» **Extracted information**:

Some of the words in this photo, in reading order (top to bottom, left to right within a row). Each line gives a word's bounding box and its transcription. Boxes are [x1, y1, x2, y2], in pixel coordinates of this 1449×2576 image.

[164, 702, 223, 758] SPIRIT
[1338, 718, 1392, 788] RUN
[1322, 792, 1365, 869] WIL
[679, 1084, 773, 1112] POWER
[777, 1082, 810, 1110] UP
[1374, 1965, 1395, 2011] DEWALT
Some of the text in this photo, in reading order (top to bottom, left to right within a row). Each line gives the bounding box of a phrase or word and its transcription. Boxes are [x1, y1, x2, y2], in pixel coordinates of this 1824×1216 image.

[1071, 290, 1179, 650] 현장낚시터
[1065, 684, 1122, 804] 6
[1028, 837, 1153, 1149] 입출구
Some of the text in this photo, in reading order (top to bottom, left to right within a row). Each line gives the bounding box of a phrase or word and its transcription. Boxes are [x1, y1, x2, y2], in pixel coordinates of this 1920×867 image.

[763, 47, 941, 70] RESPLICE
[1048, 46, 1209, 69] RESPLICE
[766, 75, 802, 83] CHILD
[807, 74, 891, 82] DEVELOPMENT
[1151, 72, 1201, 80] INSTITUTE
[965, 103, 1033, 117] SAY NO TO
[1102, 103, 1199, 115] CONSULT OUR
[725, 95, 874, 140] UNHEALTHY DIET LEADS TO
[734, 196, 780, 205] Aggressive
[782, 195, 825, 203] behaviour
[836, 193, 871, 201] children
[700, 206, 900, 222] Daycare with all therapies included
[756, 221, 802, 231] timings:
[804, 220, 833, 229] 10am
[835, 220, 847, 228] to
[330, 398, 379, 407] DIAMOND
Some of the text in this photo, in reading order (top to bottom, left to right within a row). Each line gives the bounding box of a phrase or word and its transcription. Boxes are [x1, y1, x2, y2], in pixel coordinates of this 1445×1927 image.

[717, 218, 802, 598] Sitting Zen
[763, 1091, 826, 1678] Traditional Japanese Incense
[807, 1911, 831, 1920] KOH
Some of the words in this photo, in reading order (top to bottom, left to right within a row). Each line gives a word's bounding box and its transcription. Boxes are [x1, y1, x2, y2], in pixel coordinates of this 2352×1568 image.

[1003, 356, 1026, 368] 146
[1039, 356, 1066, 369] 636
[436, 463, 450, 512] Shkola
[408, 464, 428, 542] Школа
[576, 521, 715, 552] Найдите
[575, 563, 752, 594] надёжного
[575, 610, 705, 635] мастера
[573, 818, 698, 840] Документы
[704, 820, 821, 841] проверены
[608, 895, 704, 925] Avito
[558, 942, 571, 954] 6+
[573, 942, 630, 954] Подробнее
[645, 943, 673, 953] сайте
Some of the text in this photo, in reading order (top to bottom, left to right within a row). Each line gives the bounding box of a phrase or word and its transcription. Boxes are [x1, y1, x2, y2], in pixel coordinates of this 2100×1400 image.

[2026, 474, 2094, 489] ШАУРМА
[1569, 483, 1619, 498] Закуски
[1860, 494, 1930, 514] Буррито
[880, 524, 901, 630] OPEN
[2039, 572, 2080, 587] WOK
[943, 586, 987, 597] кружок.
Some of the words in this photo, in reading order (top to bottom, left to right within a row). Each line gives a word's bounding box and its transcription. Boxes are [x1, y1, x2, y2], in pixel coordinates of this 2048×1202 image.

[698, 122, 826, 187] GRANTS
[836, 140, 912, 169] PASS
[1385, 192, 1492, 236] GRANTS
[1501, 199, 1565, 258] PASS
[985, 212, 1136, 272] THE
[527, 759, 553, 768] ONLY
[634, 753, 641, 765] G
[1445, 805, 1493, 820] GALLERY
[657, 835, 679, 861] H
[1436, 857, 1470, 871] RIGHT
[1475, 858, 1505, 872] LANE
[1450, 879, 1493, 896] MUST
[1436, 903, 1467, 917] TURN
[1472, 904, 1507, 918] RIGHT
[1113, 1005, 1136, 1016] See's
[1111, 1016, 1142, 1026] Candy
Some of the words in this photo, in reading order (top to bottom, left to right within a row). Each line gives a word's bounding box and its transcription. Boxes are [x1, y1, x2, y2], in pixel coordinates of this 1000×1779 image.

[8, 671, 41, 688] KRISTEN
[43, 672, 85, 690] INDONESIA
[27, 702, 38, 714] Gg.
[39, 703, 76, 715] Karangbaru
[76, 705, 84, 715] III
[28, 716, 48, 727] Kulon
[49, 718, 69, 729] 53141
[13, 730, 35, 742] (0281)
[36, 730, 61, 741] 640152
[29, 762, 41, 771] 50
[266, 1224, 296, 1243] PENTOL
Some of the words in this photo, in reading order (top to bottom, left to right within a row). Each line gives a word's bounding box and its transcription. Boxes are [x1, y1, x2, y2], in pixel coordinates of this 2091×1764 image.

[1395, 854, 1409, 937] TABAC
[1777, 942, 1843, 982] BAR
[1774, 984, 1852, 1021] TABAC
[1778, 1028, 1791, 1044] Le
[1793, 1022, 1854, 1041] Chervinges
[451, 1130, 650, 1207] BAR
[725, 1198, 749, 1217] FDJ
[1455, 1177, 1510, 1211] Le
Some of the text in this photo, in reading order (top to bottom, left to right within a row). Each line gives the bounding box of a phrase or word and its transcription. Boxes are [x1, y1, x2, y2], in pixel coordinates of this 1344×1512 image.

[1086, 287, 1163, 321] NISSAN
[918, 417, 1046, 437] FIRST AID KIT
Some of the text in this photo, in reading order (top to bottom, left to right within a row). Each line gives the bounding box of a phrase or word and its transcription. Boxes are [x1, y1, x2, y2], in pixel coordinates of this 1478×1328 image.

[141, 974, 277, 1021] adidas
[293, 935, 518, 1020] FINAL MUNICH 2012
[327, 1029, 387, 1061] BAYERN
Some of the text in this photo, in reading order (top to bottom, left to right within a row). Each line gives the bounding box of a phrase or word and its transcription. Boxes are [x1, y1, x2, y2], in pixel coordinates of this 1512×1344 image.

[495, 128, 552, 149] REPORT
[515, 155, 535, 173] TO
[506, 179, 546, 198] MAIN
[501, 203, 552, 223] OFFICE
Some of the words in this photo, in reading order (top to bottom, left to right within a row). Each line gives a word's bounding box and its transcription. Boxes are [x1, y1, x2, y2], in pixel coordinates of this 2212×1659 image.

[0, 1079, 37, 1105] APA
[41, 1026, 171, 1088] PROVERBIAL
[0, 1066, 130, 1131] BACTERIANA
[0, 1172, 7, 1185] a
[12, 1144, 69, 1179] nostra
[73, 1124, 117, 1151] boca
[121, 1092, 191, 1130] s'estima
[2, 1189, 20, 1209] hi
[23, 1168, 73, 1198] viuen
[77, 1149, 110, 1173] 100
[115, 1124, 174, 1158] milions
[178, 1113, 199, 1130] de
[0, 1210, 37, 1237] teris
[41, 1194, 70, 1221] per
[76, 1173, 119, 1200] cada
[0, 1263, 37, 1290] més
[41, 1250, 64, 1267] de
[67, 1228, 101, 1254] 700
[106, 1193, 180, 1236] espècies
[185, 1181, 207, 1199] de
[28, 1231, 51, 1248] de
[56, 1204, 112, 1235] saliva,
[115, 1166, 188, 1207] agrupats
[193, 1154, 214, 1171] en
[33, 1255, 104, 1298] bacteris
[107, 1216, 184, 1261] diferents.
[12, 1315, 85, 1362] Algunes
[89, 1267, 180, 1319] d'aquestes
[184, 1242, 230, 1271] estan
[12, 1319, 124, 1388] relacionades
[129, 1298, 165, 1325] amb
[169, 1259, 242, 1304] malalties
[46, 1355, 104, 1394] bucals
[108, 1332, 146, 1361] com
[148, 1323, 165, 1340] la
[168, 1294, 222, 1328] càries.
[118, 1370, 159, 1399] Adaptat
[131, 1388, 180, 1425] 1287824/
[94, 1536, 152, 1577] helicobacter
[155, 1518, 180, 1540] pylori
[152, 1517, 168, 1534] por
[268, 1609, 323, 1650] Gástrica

» **Your assignment**: Please output the line that contains "this 2212×1659 image." and every line after it in the entries above, exactly, and nothing more.

» **Completed exercise**:
Some of the words in this photo, in reading order (top to bottom, left to right within a row). Each line gives a word's bounding box and its transcription. Boxes are [x1, y1, x2, y2], in pixel coordinates of this 2212×1659 image.

[0, 1079, 37, 1105] APA
[41, 1026, 171, 1088] PROVERBIAL
[0, 1066, 130, 1131] BACTERIANA
[0, 1172, 7, 1185] a
[12, 1144, 69, 1179] nostra
[73, 1124, 117, 1151] boca
[121, 1092, 191, 1130] s'estima
[2, 1189, 20, 1209] hi
[23, 1168, 73, 1198] viuen
[77, 1149, 110, 1173] 100
[115, 1124, 174, 1158] milions
[178, 1113, 199, 1130] de
[0, 1210, 37, 1237] teris
[41, 1194, 70, 1221] per
[76, 1173, 119, 1200] cada
[0, 1263, 37, 1290] més
[41, 1250, 64, 1267] de
[67, 1228, 101, 1254] 700
[106, 1193, 180, 1236] espècies
[185, 1181, 207, 1199] de
[28, 1231, 51, 1248] de
[56, 1204, 112, 1235] saliva,
[115, 1166, 188, 1207] agrupats
[193, 1154, 214, 1171] en
[33, 1255, 104, 1298] bacteris
[107, 1216, 184, 1261] diferents.
[12, 1315, 85, 1362] Algunes
[89, 1267, 180, 1319] d'aquestes
[184, 1242, 230, 1271] estan
[12, 1319, 124, 1388] relacionades
[129, 1298, 165, 1325] amb
[169, 1259, 242, 1304] malalties
[46, 1355, 104, 1394] bucals
[108, 1332, 146, 1361] com
[148, 1323, 165, 1340] la
[168, 1294, 222, 1328] càries.
[118, 1370, 159, 1399] Adaptat
[131, 1388, 180, 1425] 1287824/
[94, 1536, 152, 1577] helicobacter
[155, 1518, 180, 1540] pylori
[152, 1517, 168, 1534] por
[268, 1609, 323, 1650] Gástrica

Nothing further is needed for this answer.